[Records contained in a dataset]
※ ※ ※

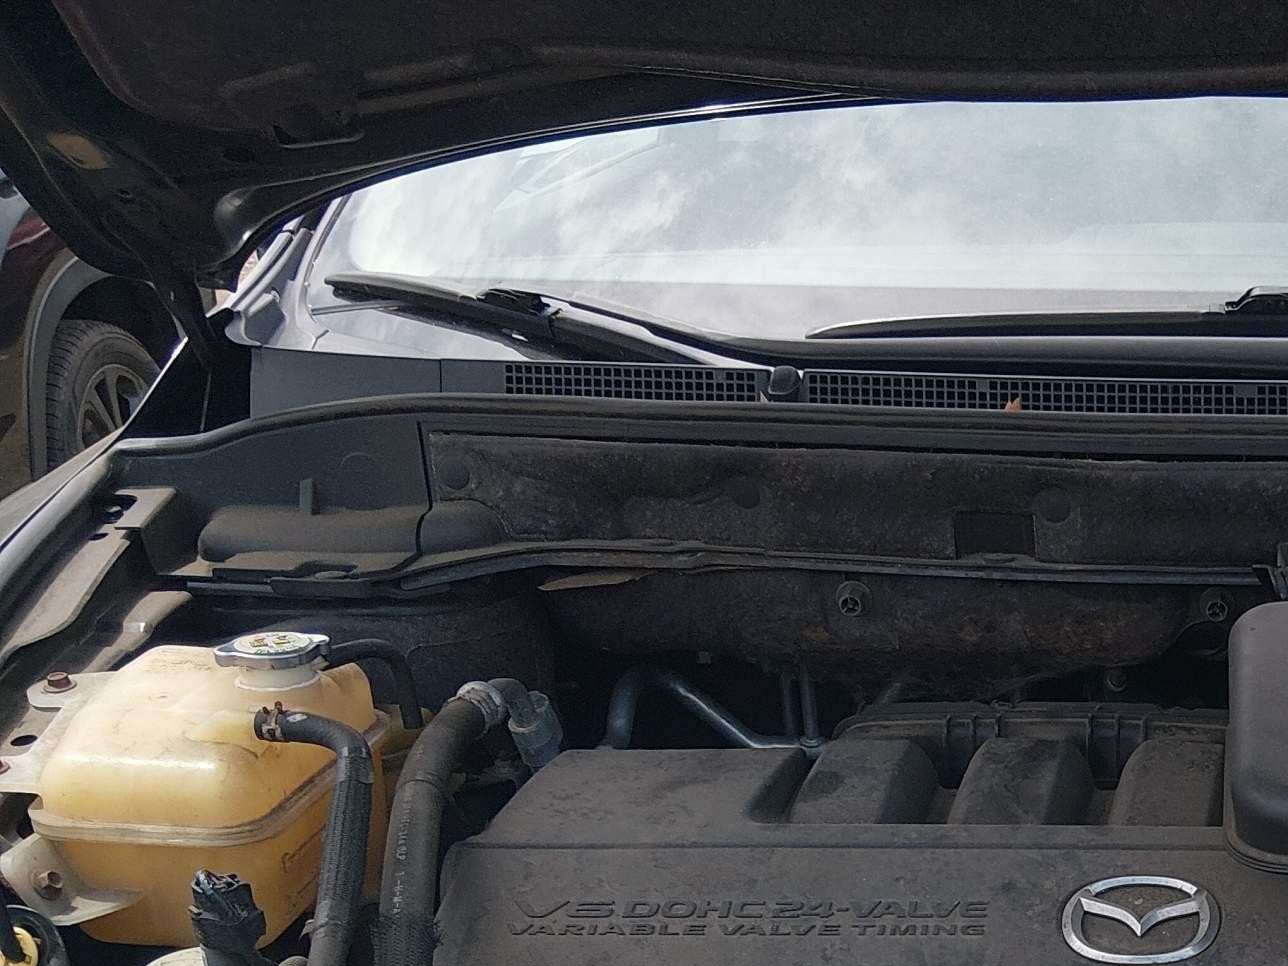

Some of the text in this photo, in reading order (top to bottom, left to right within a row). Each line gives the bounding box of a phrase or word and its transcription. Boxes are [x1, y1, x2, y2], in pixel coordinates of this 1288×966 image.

[514, 900, 989, 919] V6 DOHC 24-VALVE
[507, 923, 986, 937] VARIABLE VALVE TIMING
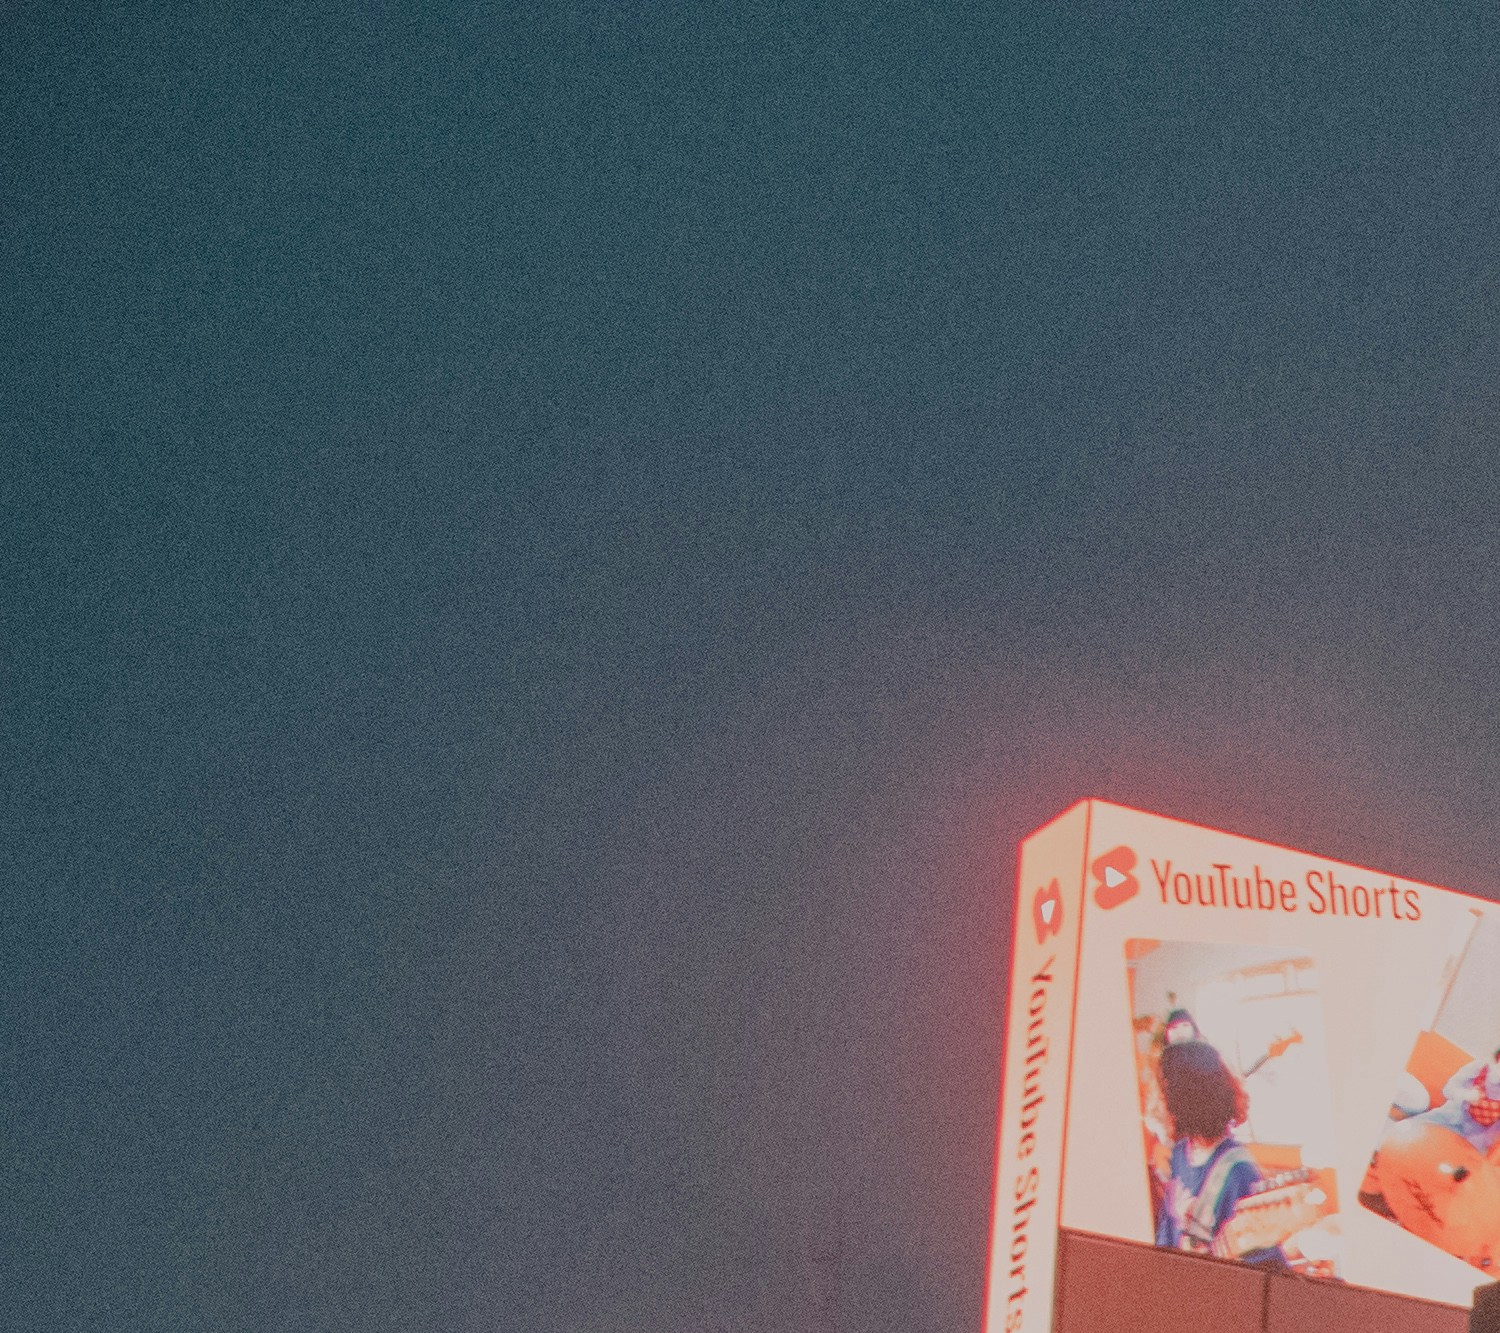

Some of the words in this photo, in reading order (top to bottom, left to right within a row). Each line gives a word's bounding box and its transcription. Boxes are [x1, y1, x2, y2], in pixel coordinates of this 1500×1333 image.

[1149, 856, 1298, 913] YouTube
[1306, 869, 1422, 922] Shorts
[1017, 954, 1055, 1160] YouTube

※ ※ ※

● Work order
Each entry above must be restated word for word; the pictures stay out of the copy.

● Result for this exercise
Some of the text in this photo, in reading order (top to bottom, left to right within a row). Each line gives the bounding box of a phrase or word and its transcription. Boxes are [x1, y1, x2, y2], in pixel coordinates of this 1288×966 image.

[514, 900, 989, 919] V6 DOHC 24-VALVE
[507, 923, 986, 937] VARIABLE VALVE TIMING

Some of the words in this photo, in reading order (top to bottom, left to right within a row). Each line gives a word's bounding box and its transcription. Boxes are [x1, y1, x2, y2], in pixel coordinates of this 1500×1333 image.

[1149, 856, 1298, 913] YouTube
[1306, 869, 1422, 922] Shorts
[1017, 954, 1055, 1160] YouTube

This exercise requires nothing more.